TASK ITEM:
Whenever a picture appears, leave it out while repeating all the other data exactly.
--- RECORD EXCERPTS ---
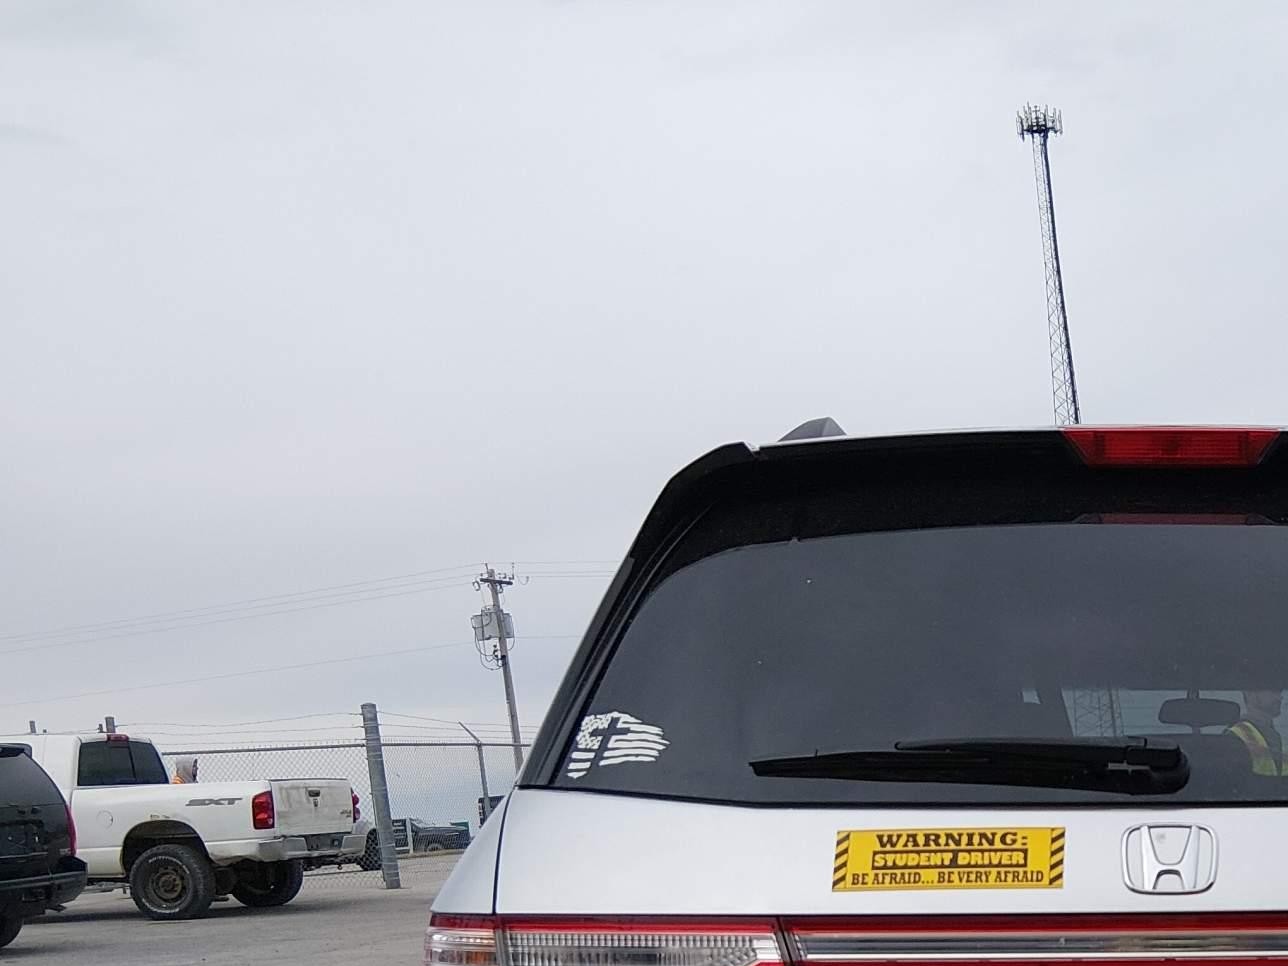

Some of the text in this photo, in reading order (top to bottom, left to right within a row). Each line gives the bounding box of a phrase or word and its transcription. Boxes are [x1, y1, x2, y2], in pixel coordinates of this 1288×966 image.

[876, 831, 1029, 849] WARNING:
[873, 850, 1025, 868] STUDENT DRIVER
[851, 872, 869, 886] BE
[937, 870, 955, 885] BE
[956, 870, 992, 885] VERY
[994, 869, 1044, 885] AFRAID
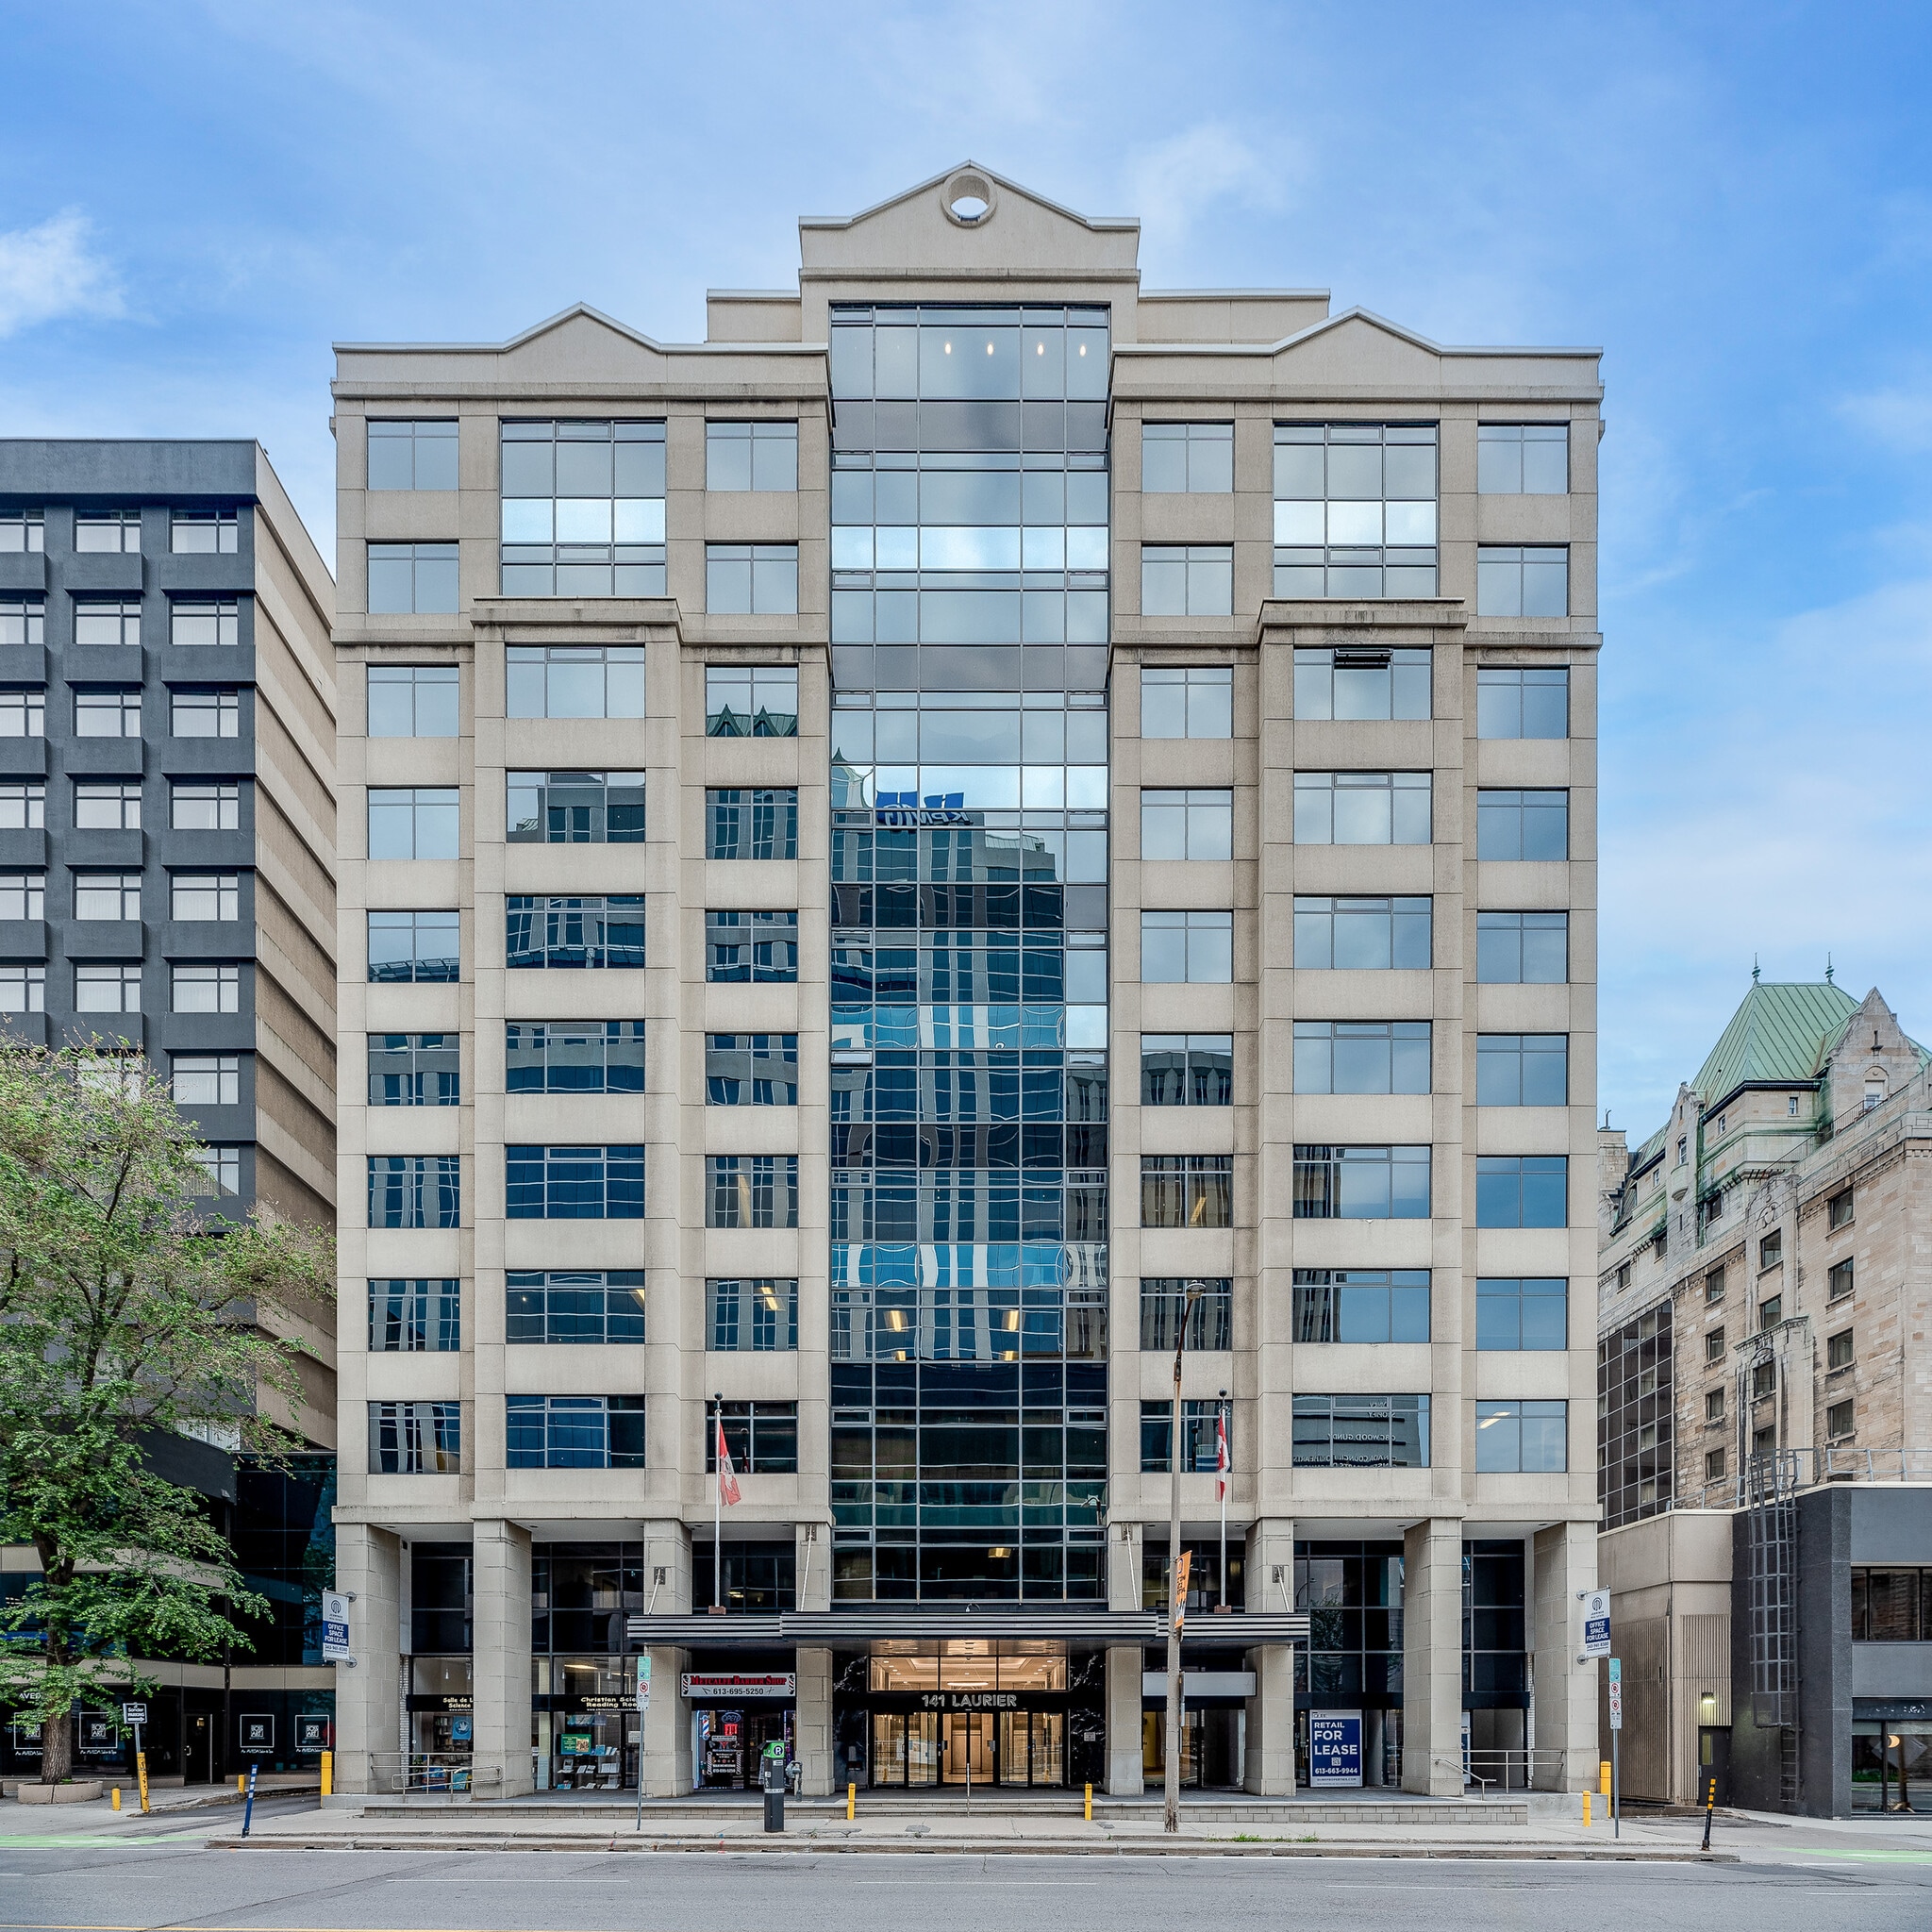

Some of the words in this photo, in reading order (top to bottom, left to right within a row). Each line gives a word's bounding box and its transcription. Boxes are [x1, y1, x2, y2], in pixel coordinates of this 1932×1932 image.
---
RESPONSE TO THE TASK:
Some of the text in this photo, in reading order (top to bottom, left to right within a row). Each line gives the bounding box of a phrase or word and its transcription. Boxes are [x1, y1, x2, y2], in pixel coordinates of this 1288×966 image.

[876, 831, 1029, 849] WARNING:
[873, 850, 1025, 868] STUDENT DRIVER
[851, 872, 869, 886] BE
[937, 870, 955, 885] BE
[956, 870, 992, 885] VERY
[994, 869, 1044, 885] AFRAID

Some of the words in this photo, in reading order (top to bottom, left to right within a row). Each line gives a word's bounding box and its transcription. Boxes are [x1, y1, x2, y2], in pixel coordinates of this 1932×1932 image.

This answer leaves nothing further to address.